In my own time, the machinery of consultation has considerably improved. Practically all the countries of the Commonwealth now exchange High Commissioners with competent staffs. Conferences are more frequent. And yet one cannot be satisfied that our contacts are strong enough, or that consultation always occurs at the right time. It may seem a small matter but I for one believe that our post-war conferences on the Prime Ministerial level have been much too hasty. When Prime Ministers come from around the world, they should have abundant time for easy, informal personal discussion. Why we should all be the slaves of some inexorable air timetable, I do not understand. After all, the less structure there is in our association, the more vital it becomes that we should establish that degree of mutual knowledge and confidence which alone can make a functional association effective. But the matter goes further. Whitehall is not the repository of all knowledge of the special interest of remote British nations. Nor, may I say, is the Commonwealth Relations Office the only United Kingdom Department whose decisions may affect, say, Australia or New Zealand.

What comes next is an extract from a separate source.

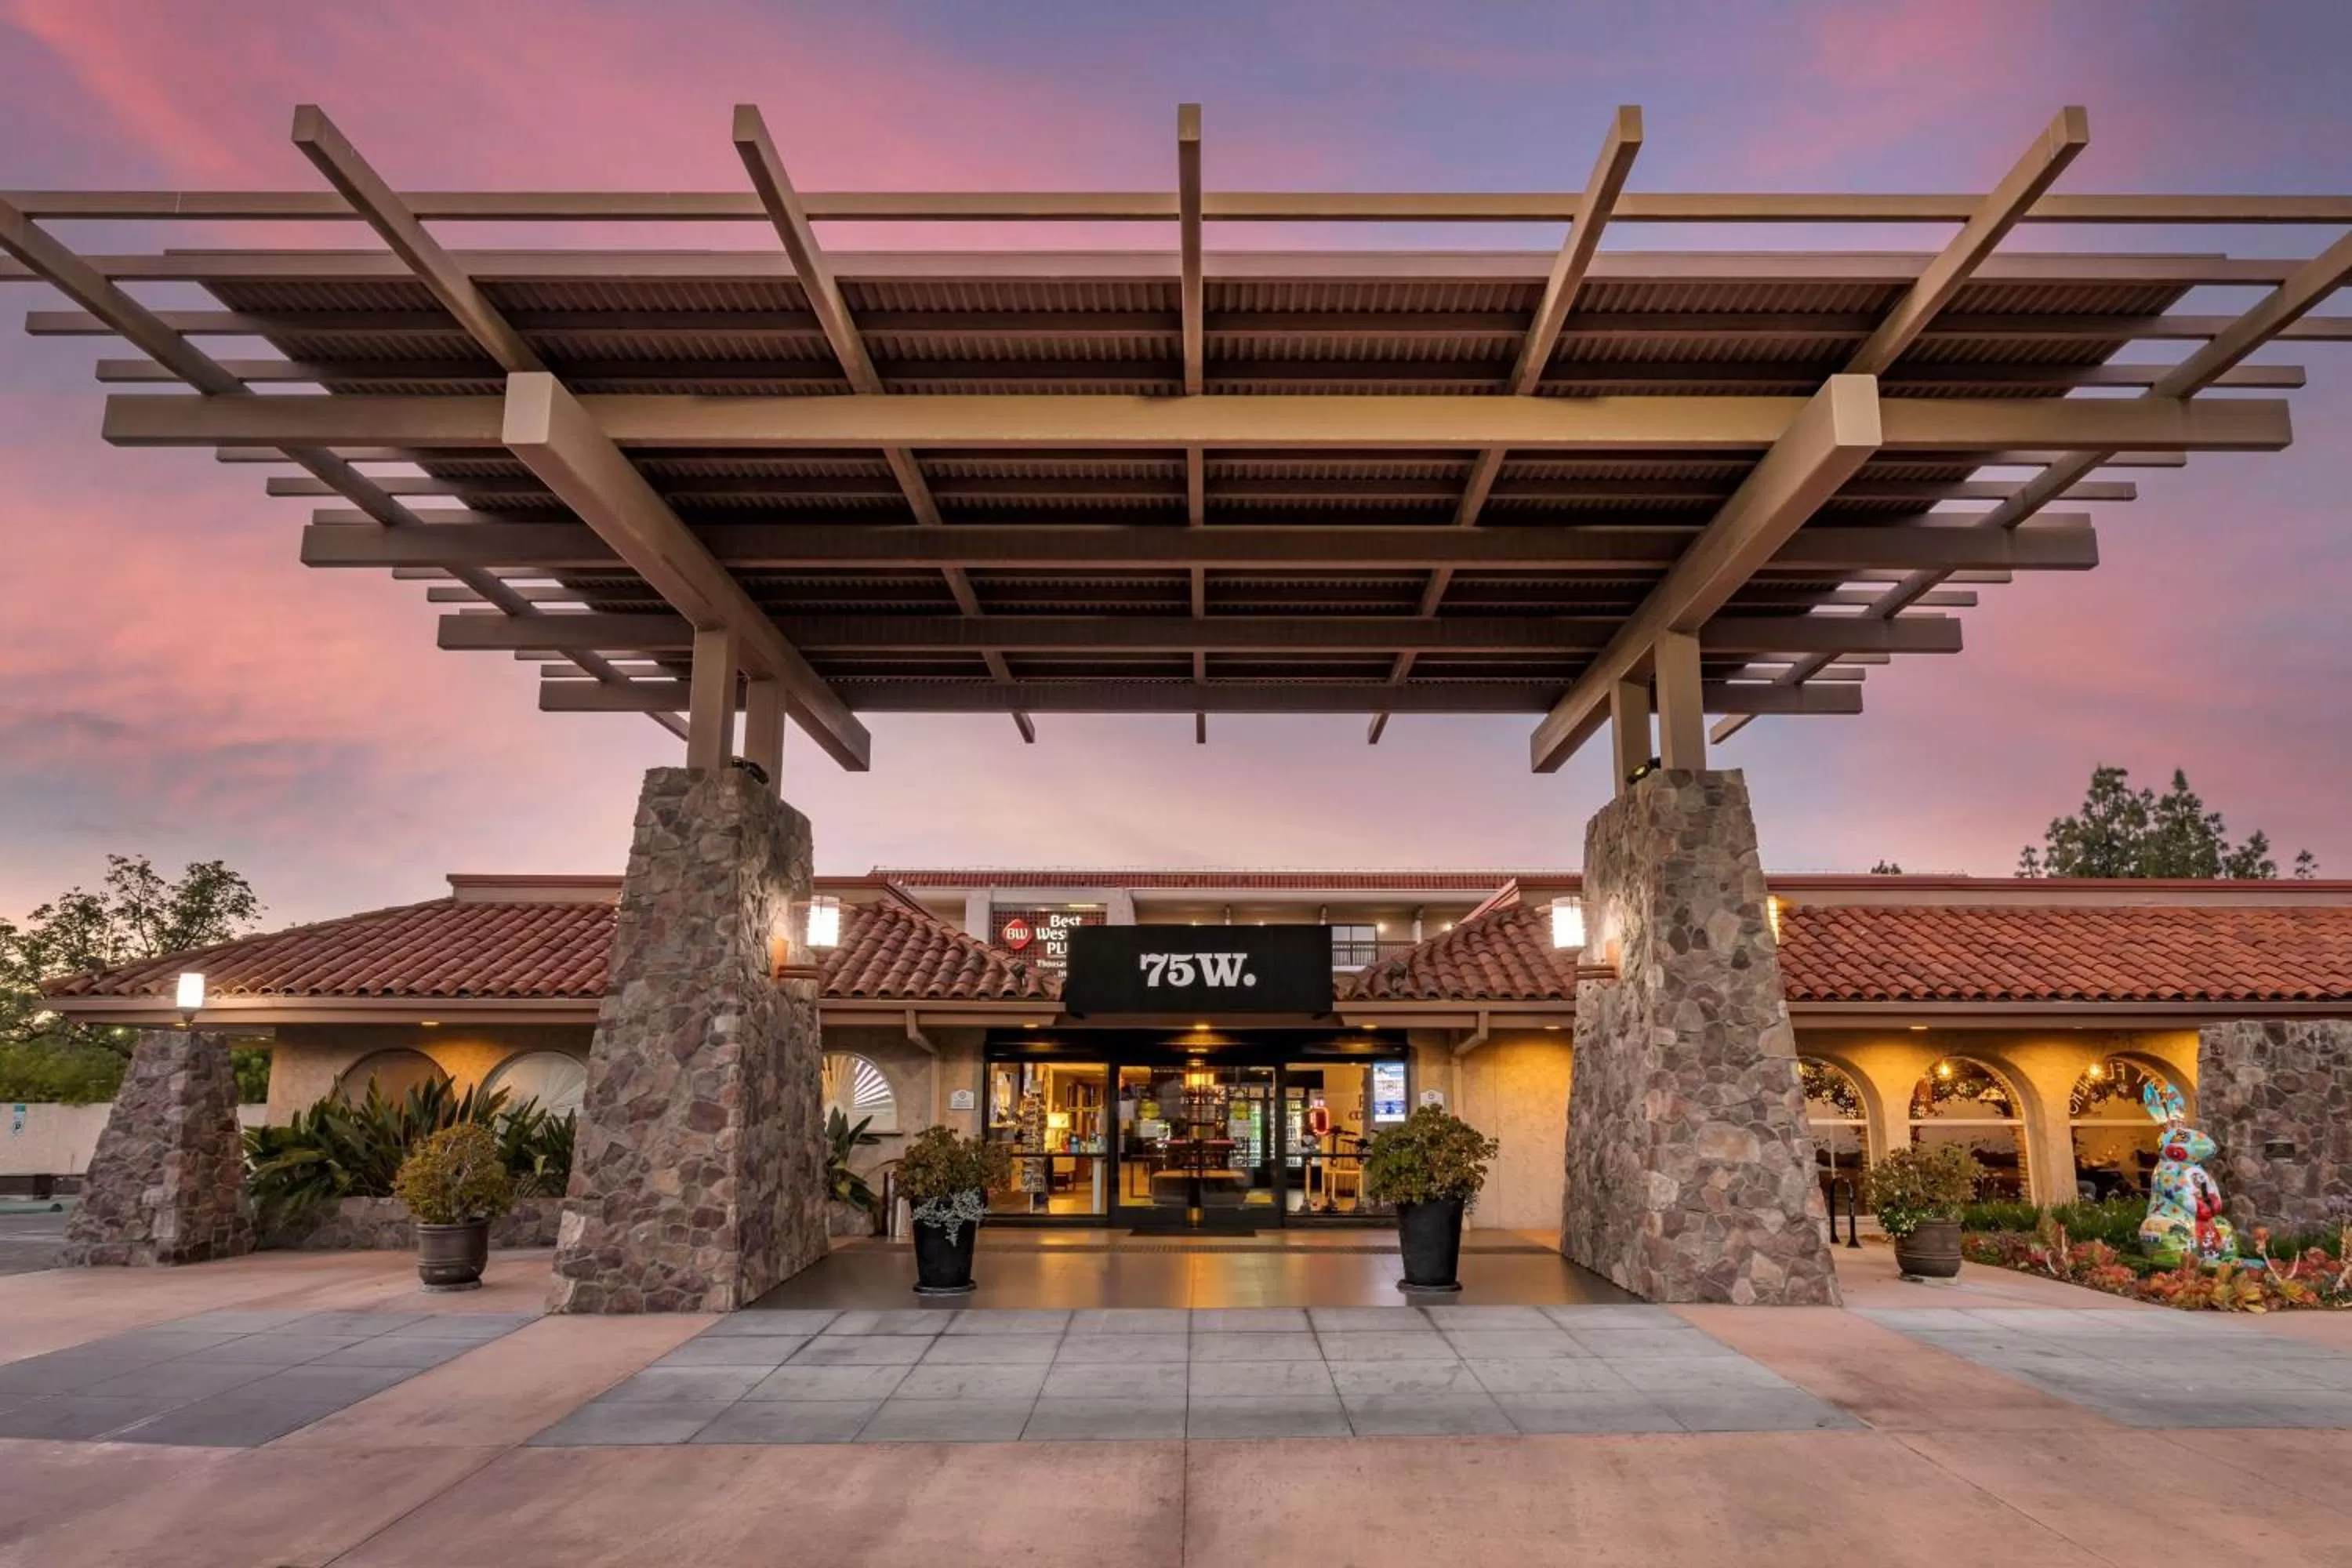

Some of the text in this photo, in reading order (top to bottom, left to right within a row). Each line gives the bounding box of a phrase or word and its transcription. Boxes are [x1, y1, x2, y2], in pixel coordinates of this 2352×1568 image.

I am no carping critic; but I would courteously suggest that one text might be boldly printed in every Department in London, New Delhi, Canberra, and the other Seats of Government - 'Will any decision I am today contemplating affect some other nation of the Commonwealth? If so, have I informed or consulted it?' There are other practical proposals which are worth consideration if we are to give to our functional association some of the strength of the old structure. The Secretary of State for Commonwealth Relations ought to travel a lot, but stay in office for a long time. There is no Minister whose continuing knowledge and influence are more vital to the Commonwealth. We need to review our attitude (in some countries at least) to the work of the Commonwealth Parliamentary Association. Its periodical conferences are a wonderful vehicle for goodwill and understanding. It would be good if we could all decide that selection for such conferences should be concentrated upon Members who will some day be leaders and Ministers.
I conclude by saying that I for one believe that the time has come when, in the British Commonwealth, we must give ourselves furiously to think about where we are going and what road or roads we should take. Unless we are conscious of our mutual problems and constantly working on them, we will, as they emerge, have little more to contribute to their solution than a vague and wistful sentiment.